Wambui claims that the self-help group had been issued with a group title by the Nairobi County and the county was even in the process of issuing individual titles. But there were some hitches: The self-help group has been in a tug of war with the Jua Kali Light Industries group over the allotment of plots at the sewerage site, a case that is in court. “It is true we’ve been having a long- running court case with the Jua Kali group,” said Wambui, “but we have the documents and they don’t have them and that is the difference.”

Wambui claims that the self-help group had been issued with a group title by the Nairobi County and the county was even in the process of issuing individual titles.

The sudden turn of events has broken her resolve to have a better life in her sunset years. “At 75, what else do I expect in life? I thought I’d live out the remaining years of my life in peace, but now I’ve been thrown into turmoil. I voted for Uhuru Kenyatta twice, in a very difficult area, where we are surrounded by hostile opposition. Yet at my age I woke up at 2 a.m. to queue for him and this is what I get in return? Is it that Uhuru is not aware of our plight, or now that we’re done with voting, he’s through with us?”

Missing papers

But 70-year-old Nyina wa John (John’s mother), a veteran of the sewerage plots’ acquisition and chairlady of the self-help group, has a slightly different story to tell. “What some of the afflicted families have narrated to you is correct. But as far as I’m concerned, the only incorrect information they did not tell you is that all that documentation and paperwork they are talking about had never been legalised.
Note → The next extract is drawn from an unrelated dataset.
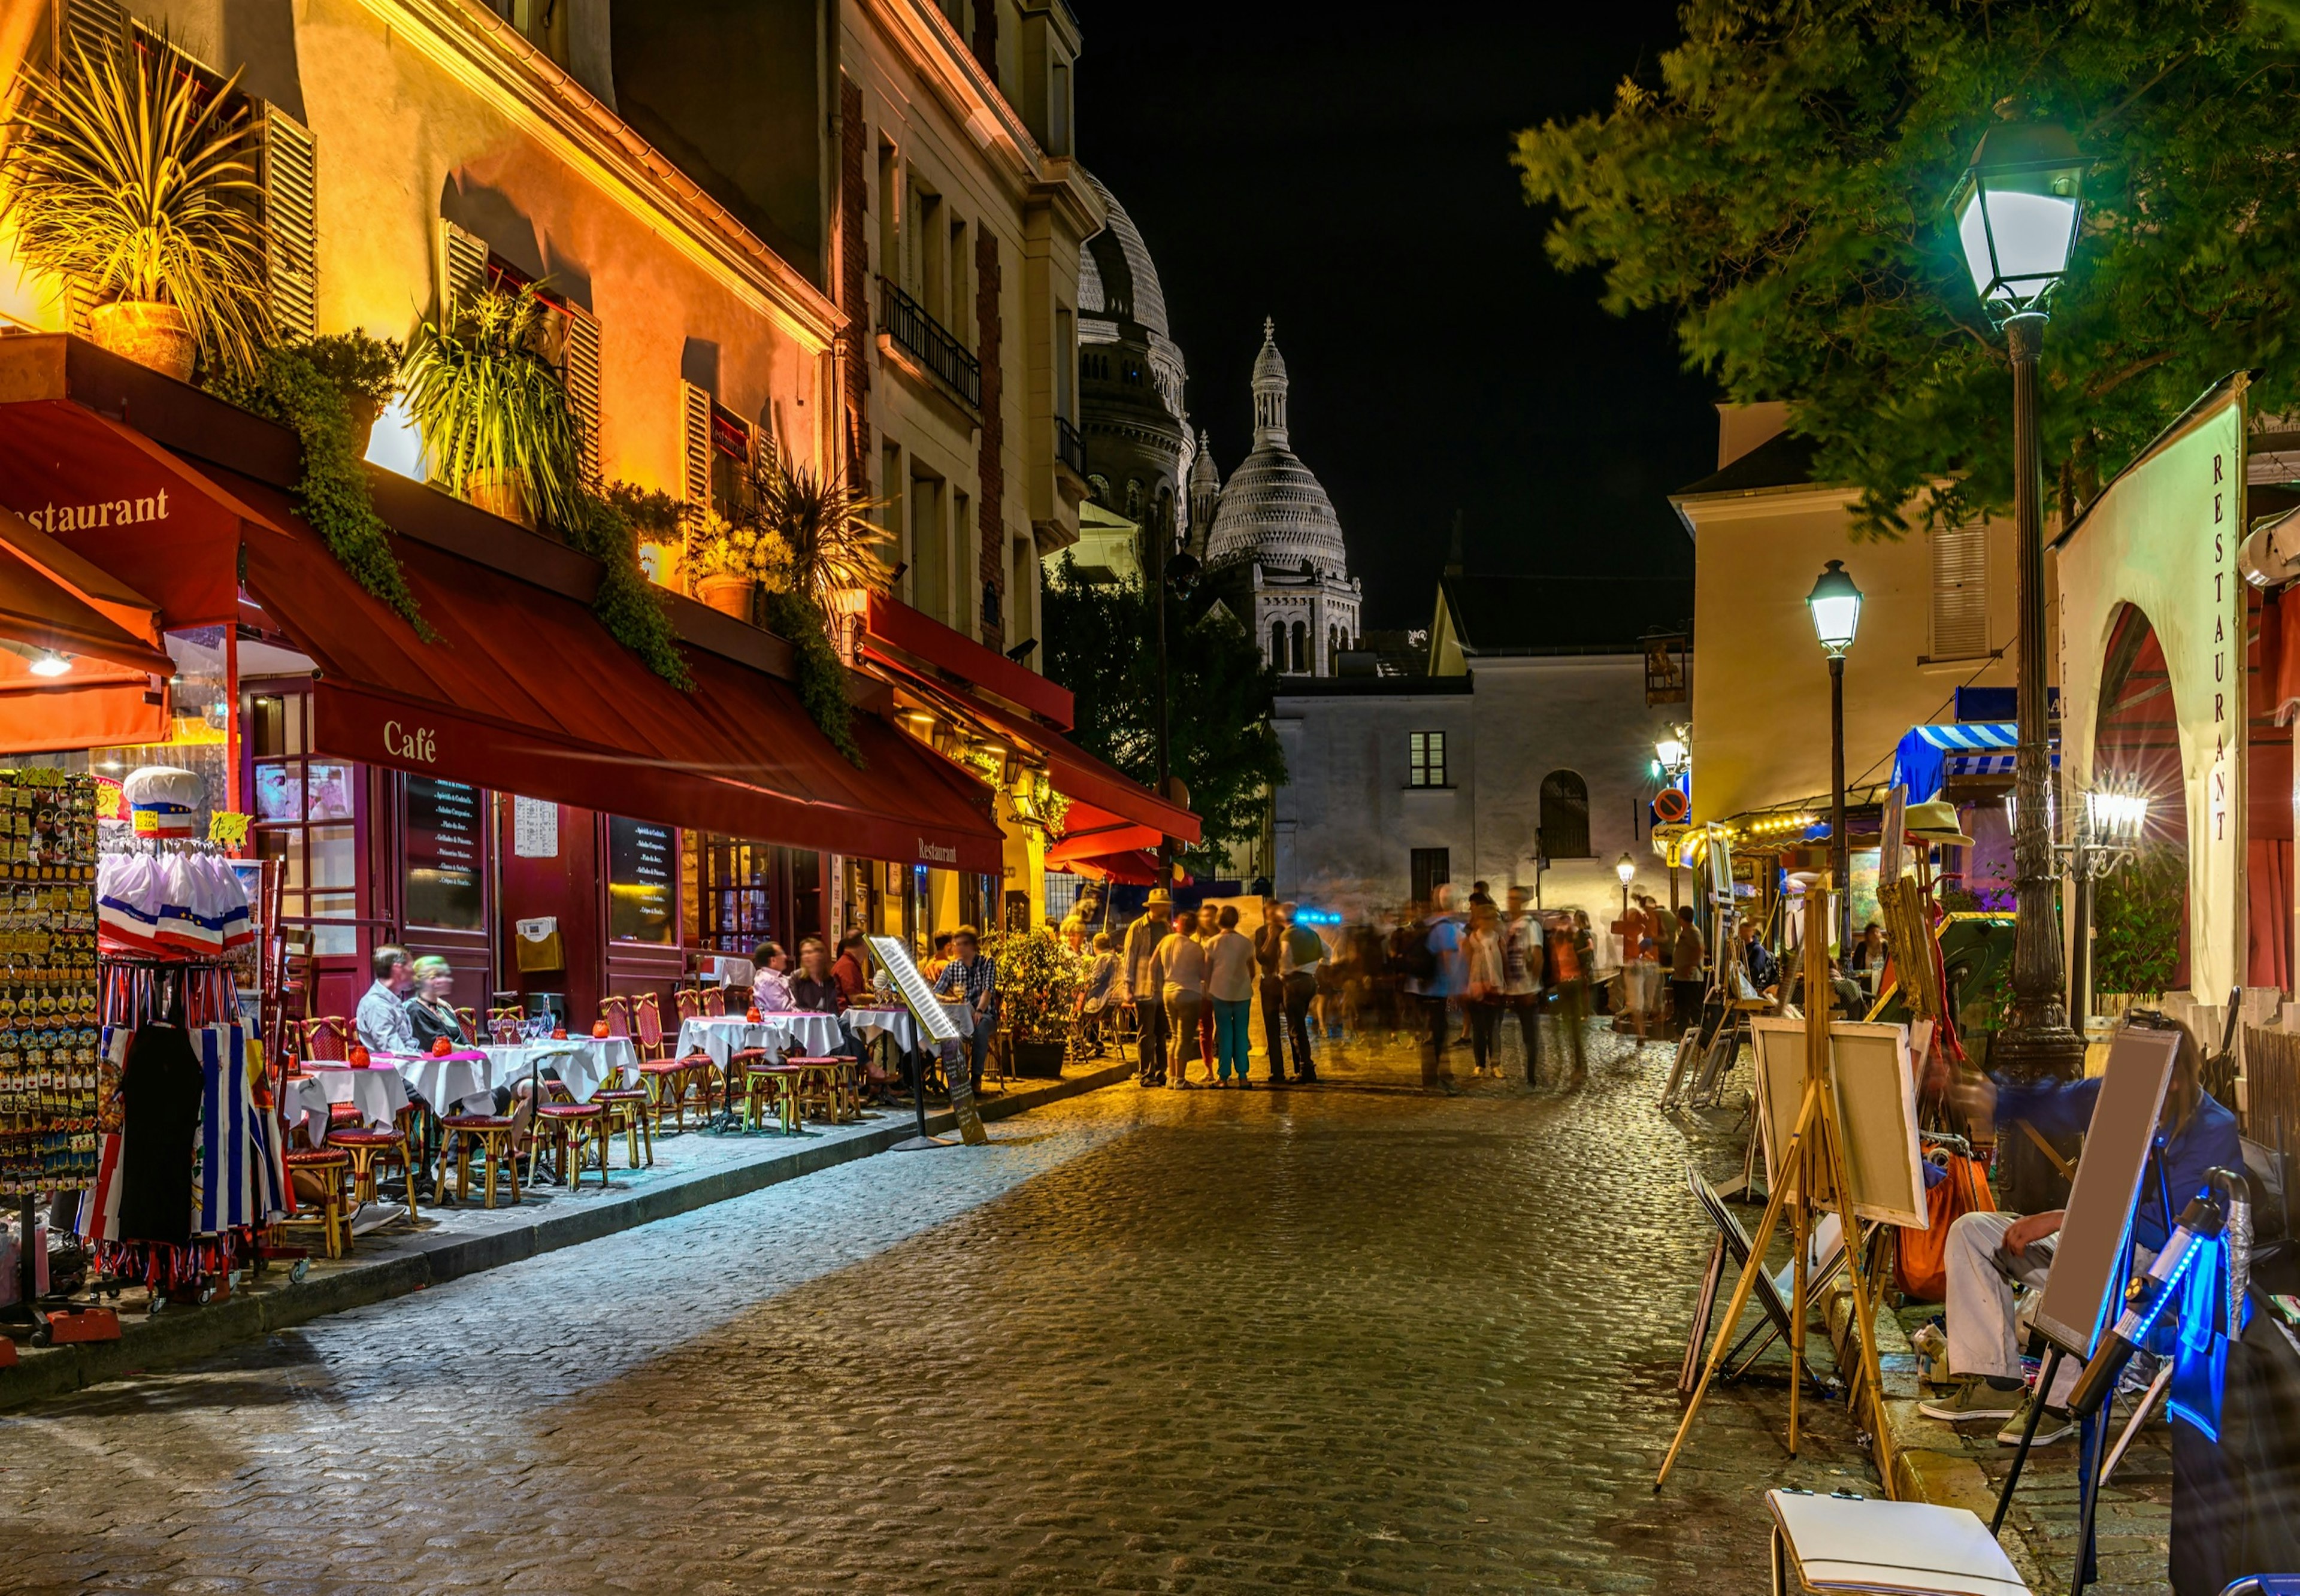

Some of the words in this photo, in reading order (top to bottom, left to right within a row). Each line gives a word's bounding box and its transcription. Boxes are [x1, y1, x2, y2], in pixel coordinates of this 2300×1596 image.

If it had, I would have been the first one to know and even be in possession of the rightful said documents of the land. As it is, I’m not aware of any [bona fide and legal] title deed issued to Kariobangi Self-Help Farmers Group. I’m aware that the group was even paying land rates to City Hall. That’s okay. You can pay rates. Paying rates doesn’t translate to owning the land.”

The chairlady’s assertions were corroborated by Daniel Kirugo. Kirugo is the senior chief of Muthua village in Uthiru location. I first met him in 2006 at the Kariobangi sewerage area. He was the second chief to have been posted to the area. “I know the history of the sewerage [land] very well. It is unfortunate what happened to the people, but the crux of the matter is, the self-help group’s papers are not legal. I’d know because I’ve kept in touch with some of the people who live there, the self-group’s wrangles with Jua Kali Light Industries group notwithstanding.”

The dispute between the Kariobangi Sewerage Farmers Self-Help and the Jua Kali Light Industries group led by Rashid Kaberere and one Kinyua introduced the dreaded Mungiki in the acquisition of the sewerage land. They both hired the young men to defend and fight off each other. For their work, the proscribed Mungiki group was rewarded with several plots at the sewerage site, which were dished out to them by both parties.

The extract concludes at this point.